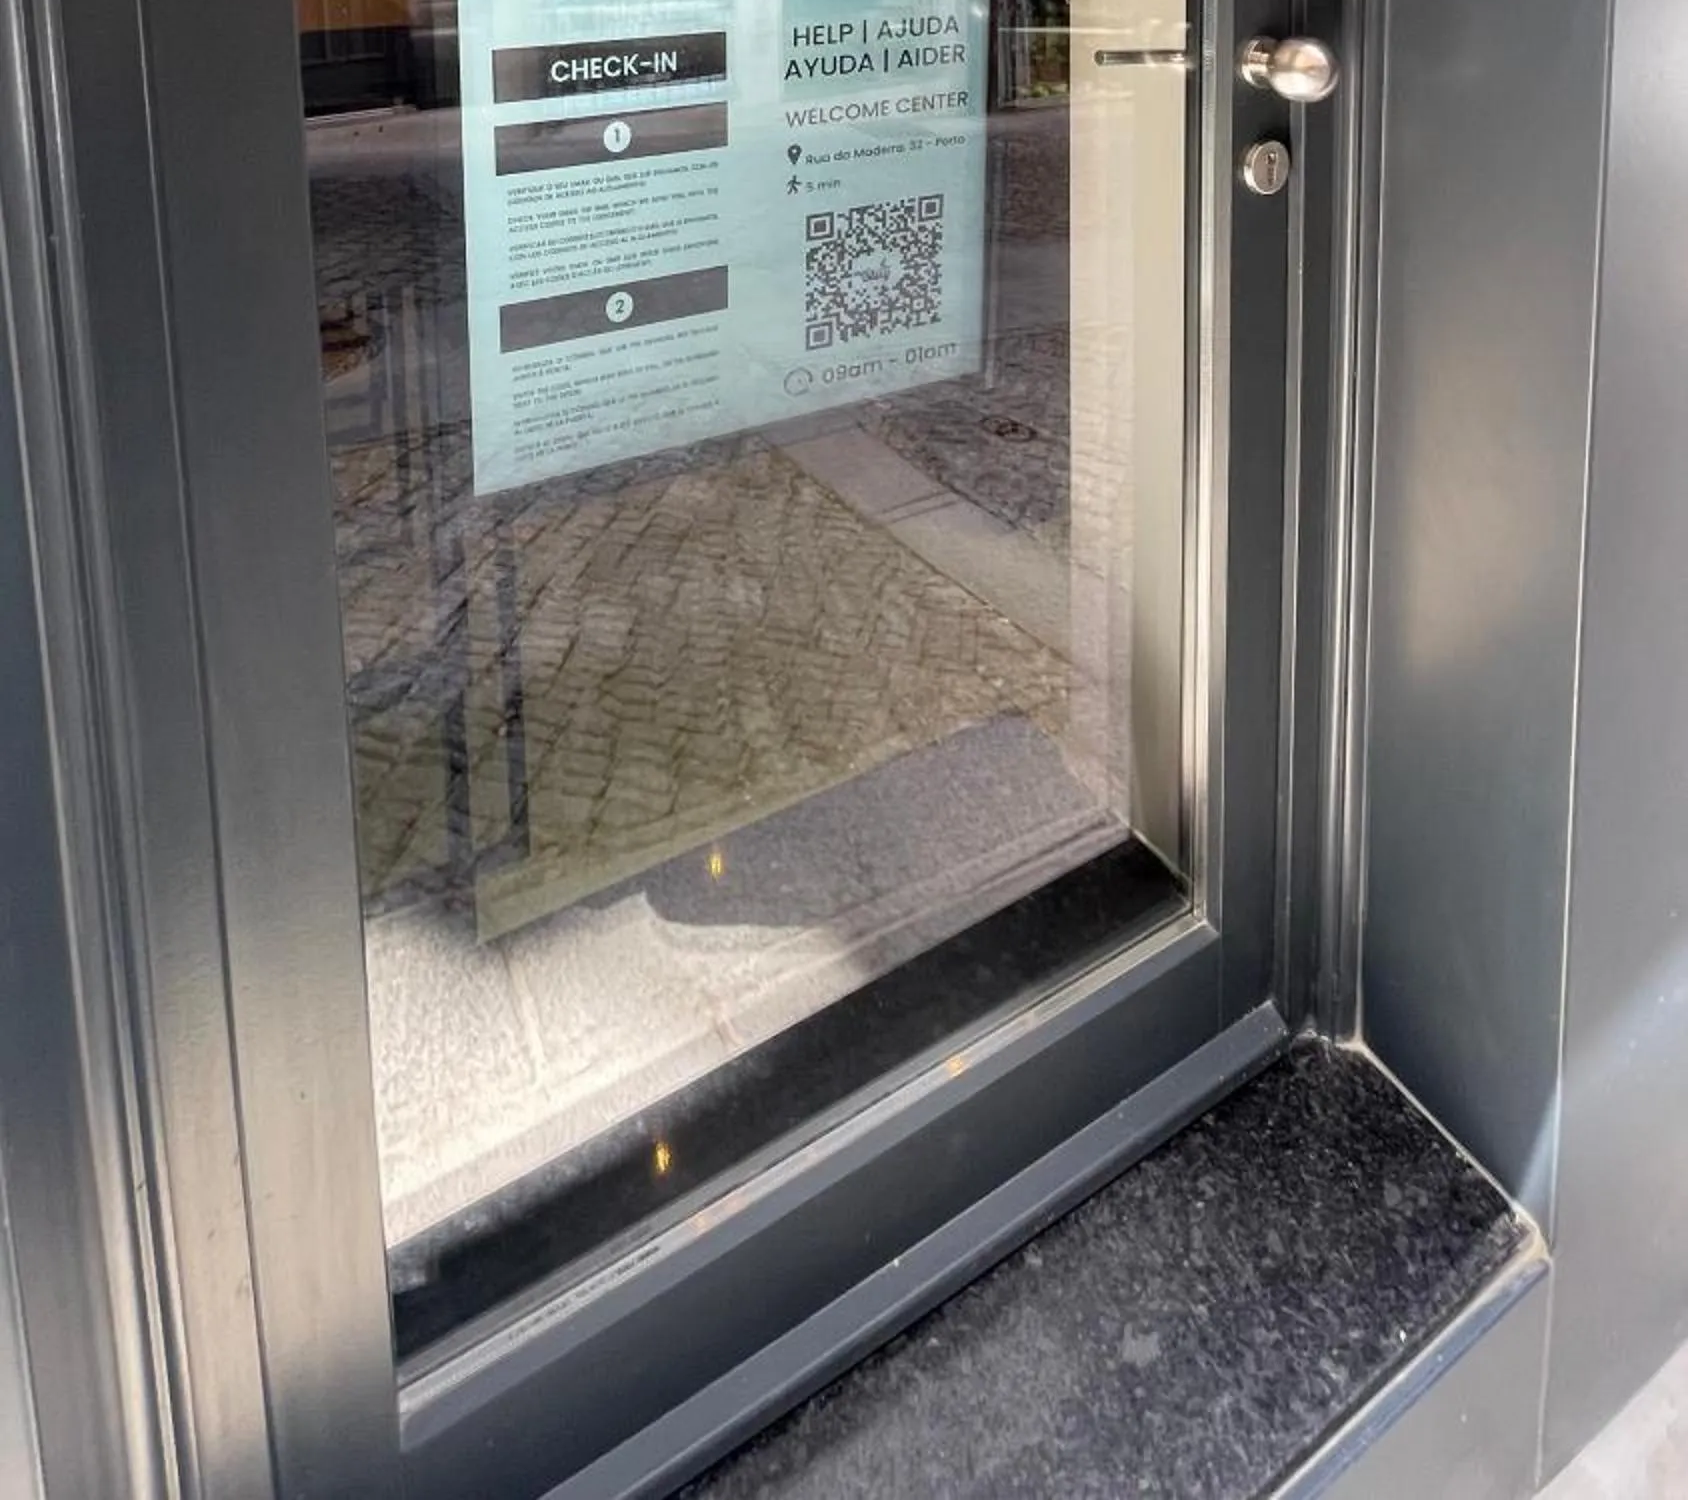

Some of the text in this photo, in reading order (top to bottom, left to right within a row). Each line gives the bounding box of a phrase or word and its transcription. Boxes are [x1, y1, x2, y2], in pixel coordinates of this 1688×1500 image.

[793, 23, 854, 48] HELP
[877, 15, 960, 41] AJUDA
[551, 51, 678, 82] CHECK-IN
[784, 53, 875, 80] AYUDA
[897, 44, 966, 69] AIDER
[785, 91, 969, 128] WELCOME CENTER
[614, 128, 621, 143] 1
[805, 154, 831, 165] Rua
[935, 135, 966, 147] Porto
[817, 179, 841, 191] min
[615, 299, 625, 315] 2
[822, 359, 884, 384] 09am
[905, 342, 957, 365] 01am

______

**TASK REQUIREMENTS:** Restating the data word for word is the task, and pictures are to be omitted.

**WRITTEN RESPONSE:**
Some of the text in this photo, in reading order (top to bottom, left to right within a row). Each line gives the bounding box of a phrase or word and its transcription. Boxes are [x1, y1, x2, y2], in pixel coordinates of this 1688×1500 image.

[793, 23, 854, 48] HELP
[877, 15, 960, 41] AJUDA
[551, 51, 678, 82] CHECK-IN
[784, 53, 875, 80] AYUDA
[897, 44, 966, 69] AIDER
[785, 91, 969, 128] WELCOME CENTER
[614, 128, 621, 143] 1
[805, 154, 831, 165] Rua
[935, 135, 966, 147] Porto
[817, 179, 841, 191] min
[615, 299, 625, 315] 2
[822, 359, 884, 384] 09am
[905, 342, 957, 365] 01am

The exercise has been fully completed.